Tight restrictions on provision and use
However, because of the risk of serious side effects and “the potential for abuse and misuse of the drug,” the FDA have declared that there will be restricted availability and tight monitoring of the drug.
“Because of safety concerns,” says Dr. Tiffany Farchione, who works in the FDA’s Center for Drug Evaluation and Research, “the drug will only be available through a restricted distribution system, and it must be administered in a certified medical office where the healthcare provider can monitor the patient.”
The FDA granted approval following a review of clinical trial results and consultation with external advisors.
A boxed warning on the label will alert users that taking the drug will put them at risk of sedation, dissociation, attention and judgment problems, drug misuse, suicidal thoughts, and suicidal behavior.
People will only be able to use the spray under supervision in the doctor’s office or healthcare facility.
The healthcare provider will also have to monitor people for at least 2 hours after each time they use the spray.
People won’t be able to take the spray home, and they must sign to say that they will not drive or use heavy machinery for 24 hours.
The drug underwent evaluation in three short randomized trials of 4 weeks and one longer one. The purpose of the longer trial was to test “maintenance-of-effect.”
Each short trial tested Spravato against a placebo nasal spray in people who started an oral antidepressant at the start and continued with it through the trial.
In one of the short trials, those taking the active drug showed a statistically significant improvement in depression severity compared with those on placebo. In some cases, the improvement took effect within 2 days.
Neither of the other two short trials met the statistical significance standard required for effectiveness of symptom relief.

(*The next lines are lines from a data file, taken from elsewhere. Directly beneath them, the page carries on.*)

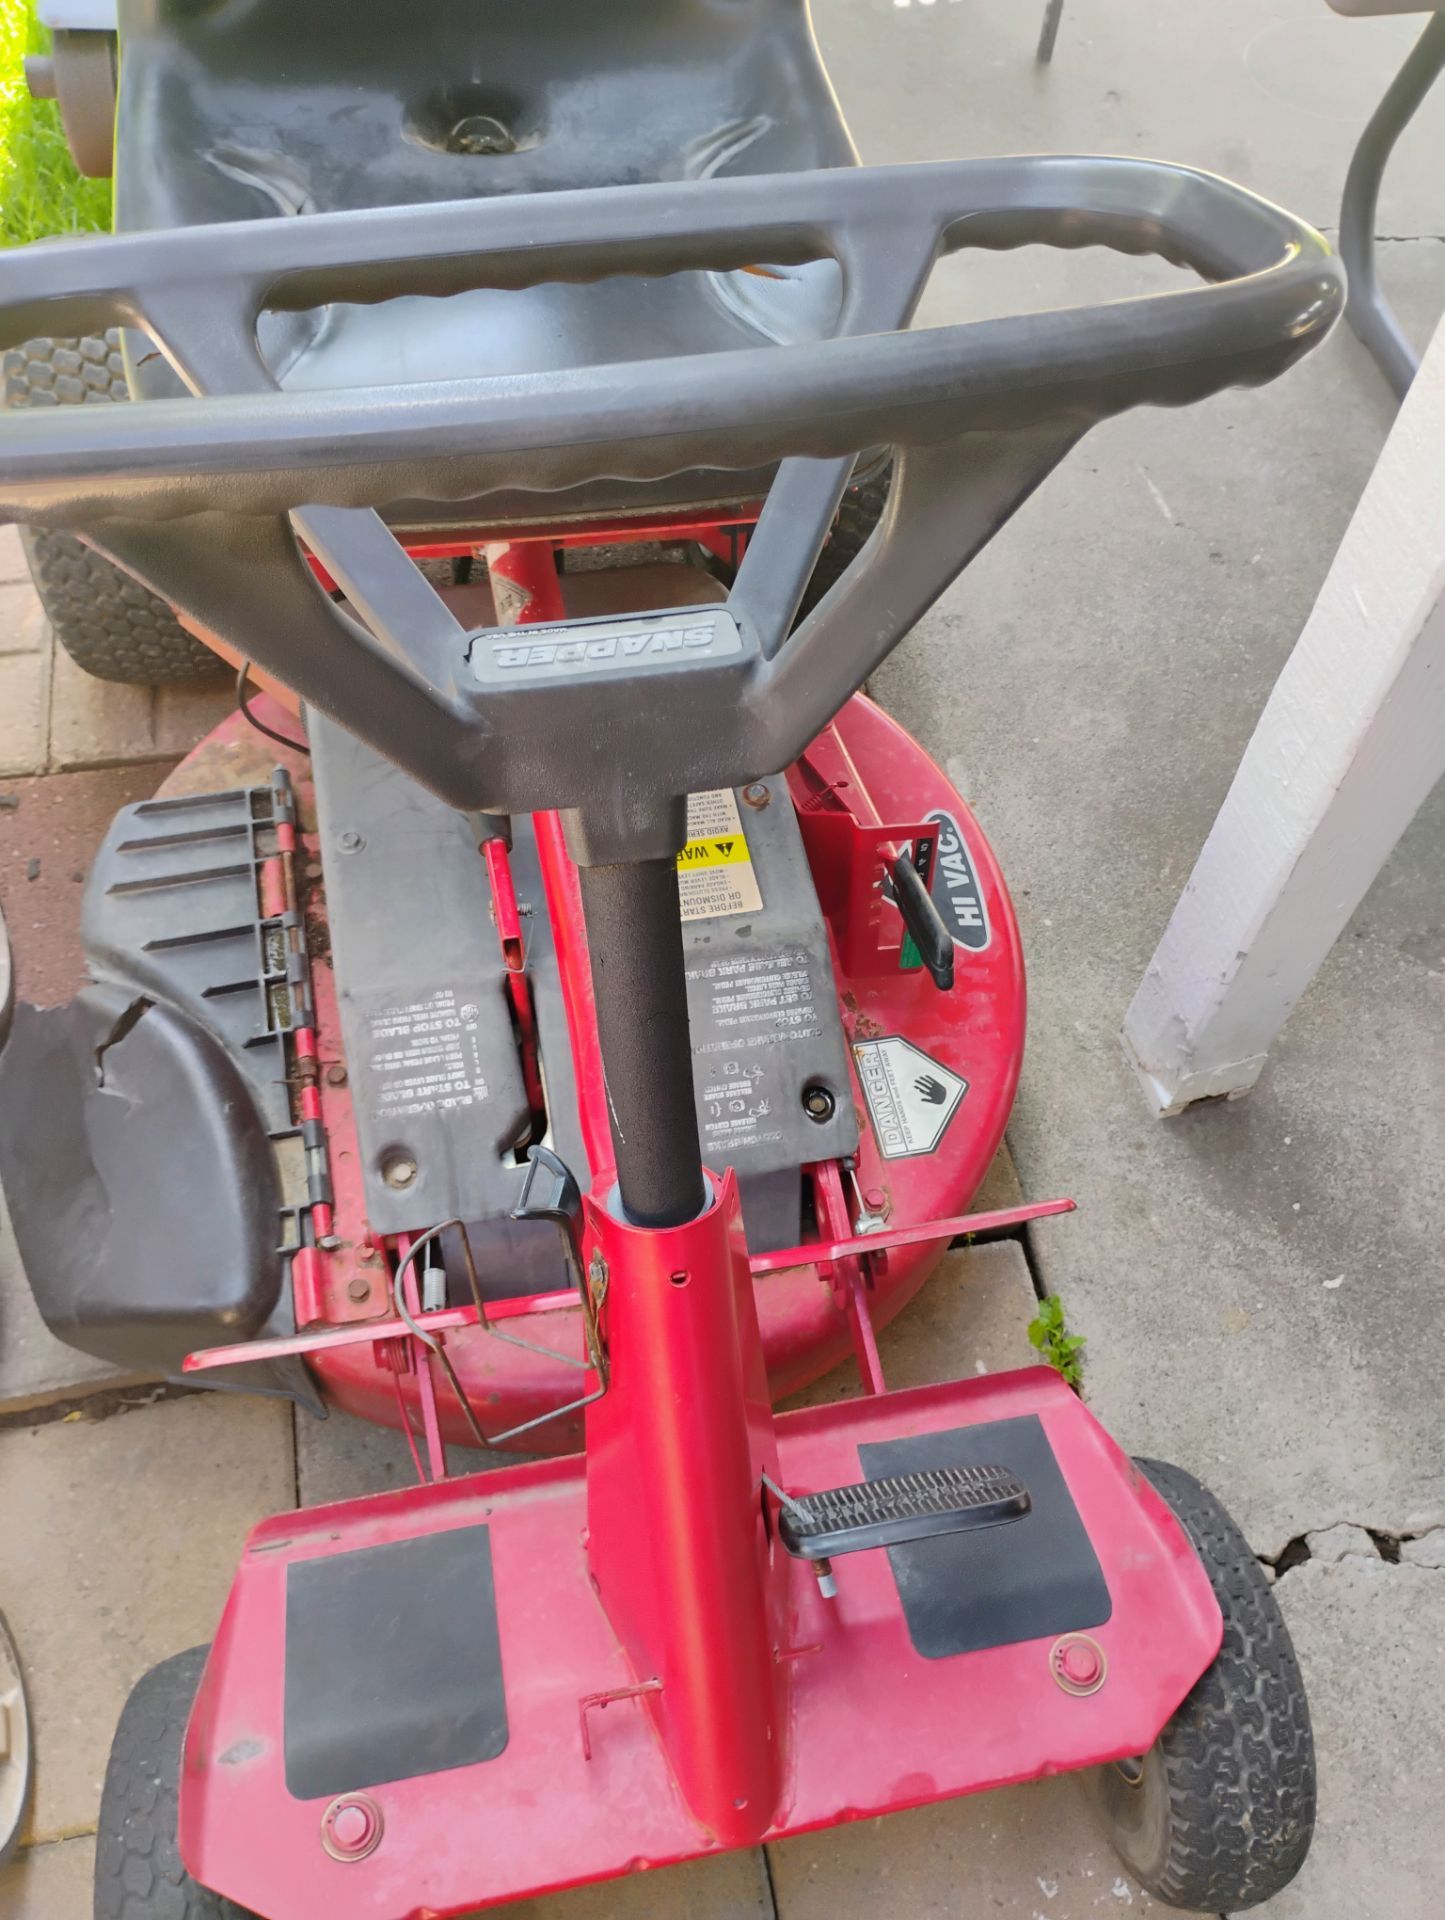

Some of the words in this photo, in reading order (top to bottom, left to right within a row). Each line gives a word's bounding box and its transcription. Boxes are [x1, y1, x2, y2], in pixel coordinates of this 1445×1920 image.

[494, 626, 714, 668] SNAPPER
[707, 827, 728, 836] AVOID
[937, 826, 970, 888] VAC.
[680, 893, 726, 906] DISMOUN
[728, 891, 741, 899] OR
[680, 906, 705, 916] STAR
[709, 901, 743, 913] BEFORE
[952, 897, 983, 926] HI
[412, 1020, 443, 1033] STOP
[446, 1018, 462, 1028] TO
[416, 1083, 453, 1097] START
[454, 1080, 471, 1090] TO
[861, 1052, 904, 1146] DANGER
[904, 1127, 914, 1144] KEEP

In the longer trial, people who had a stable response, or whose remission remained stable, and who continued with the nasal spray and oral antidepressant experienced a statistically significant longer period before relapse compared with those on placebo.
The most common side effects the teams observed in the trials included dizziness, disassociation, sedation, vertigo, nausea, vomiting, anxiety, lethargy, decreased sensitivity, raised blood pressure, and a feeling of intoxication.

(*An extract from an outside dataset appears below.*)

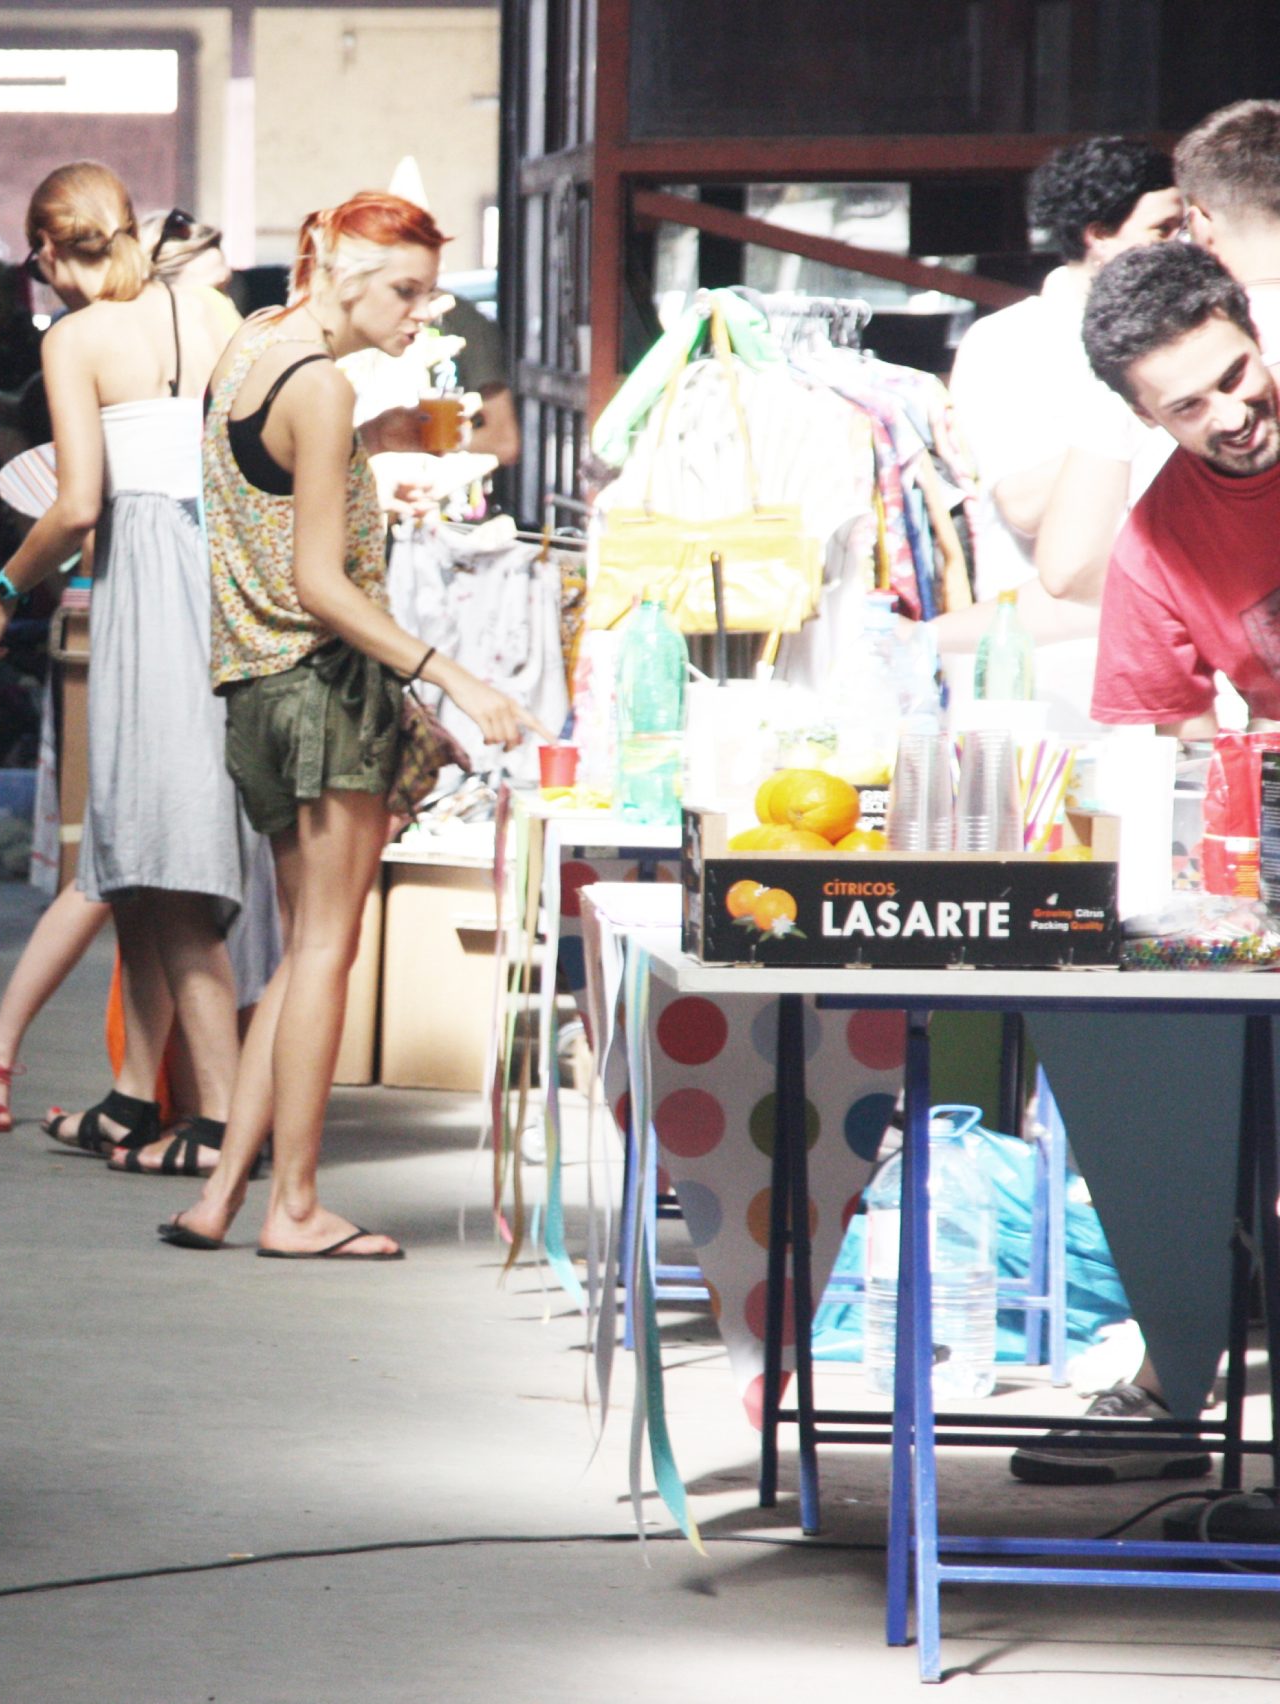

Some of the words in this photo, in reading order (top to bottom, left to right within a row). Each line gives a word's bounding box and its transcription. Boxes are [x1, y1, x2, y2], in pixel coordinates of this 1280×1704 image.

Doctors and researchers have been awaiting the news of the drug’s approval with mixed views. A recent STAT news report describes reactions as ranging from hesitation to skepticism.
Among the hesitant are those who welcome the fact that, at long last, there is a new drug with a new mechanism. The skeptics, however, are not sure whether there is enough positive data to justify the approval.

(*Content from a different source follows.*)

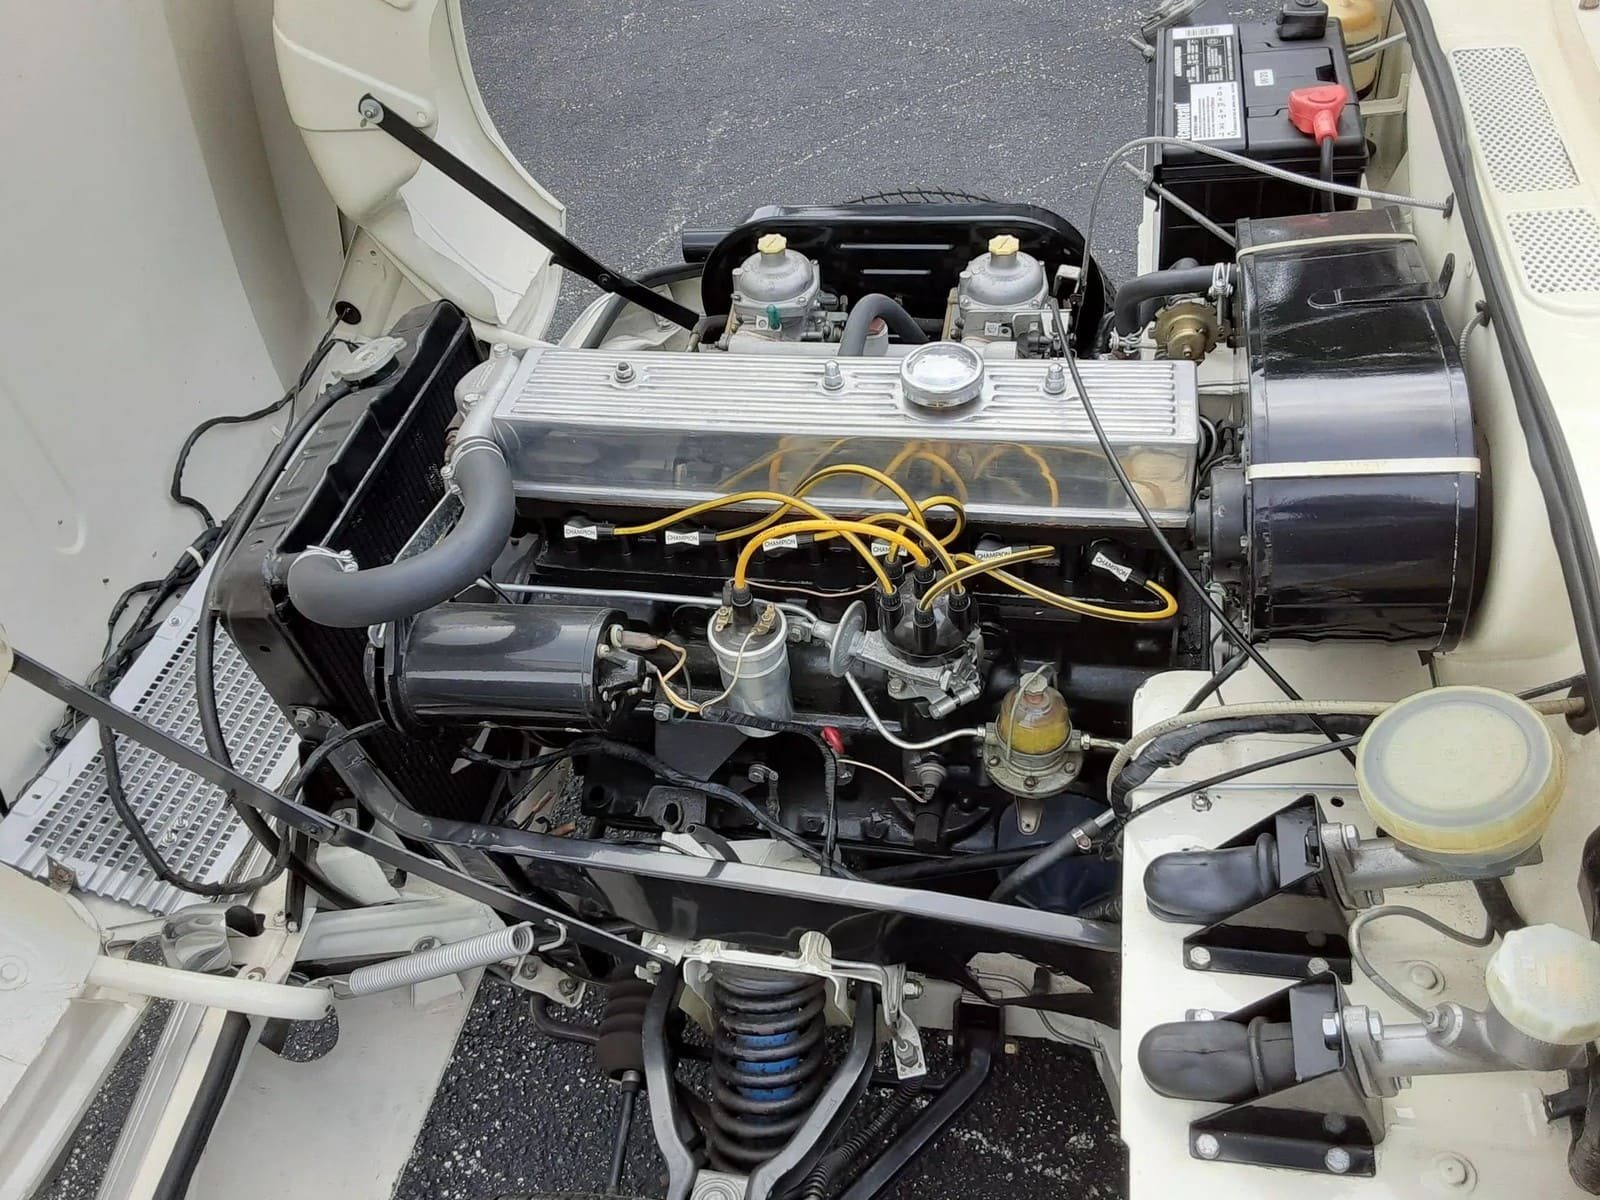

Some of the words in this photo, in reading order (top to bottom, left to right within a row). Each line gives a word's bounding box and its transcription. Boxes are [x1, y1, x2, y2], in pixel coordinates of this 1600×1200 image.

[566, 528, 595, 536] CHAMPION
[667, 534, 697, 542] CHAMPION
[764, 537, 795, 548] CHAMPION
[1095, 556, 1129, 577] CHAMPION

Dr. Michael E. Thase, a professor of psychiatry at the University of Pennsylvania in Philadelphia, was the principal site investigator on the clinical trials.
He says, “The impact of depression is greatest for those who do not benefit from standard treatments.”
“In phase 3 clinical trials, we saw this therapy provide sustained improvement to patients with treatment-resistant depression.”
Dr. Michael E. Thase
Dr. Thase has received research grants from the drug company and worked as a consultant for them.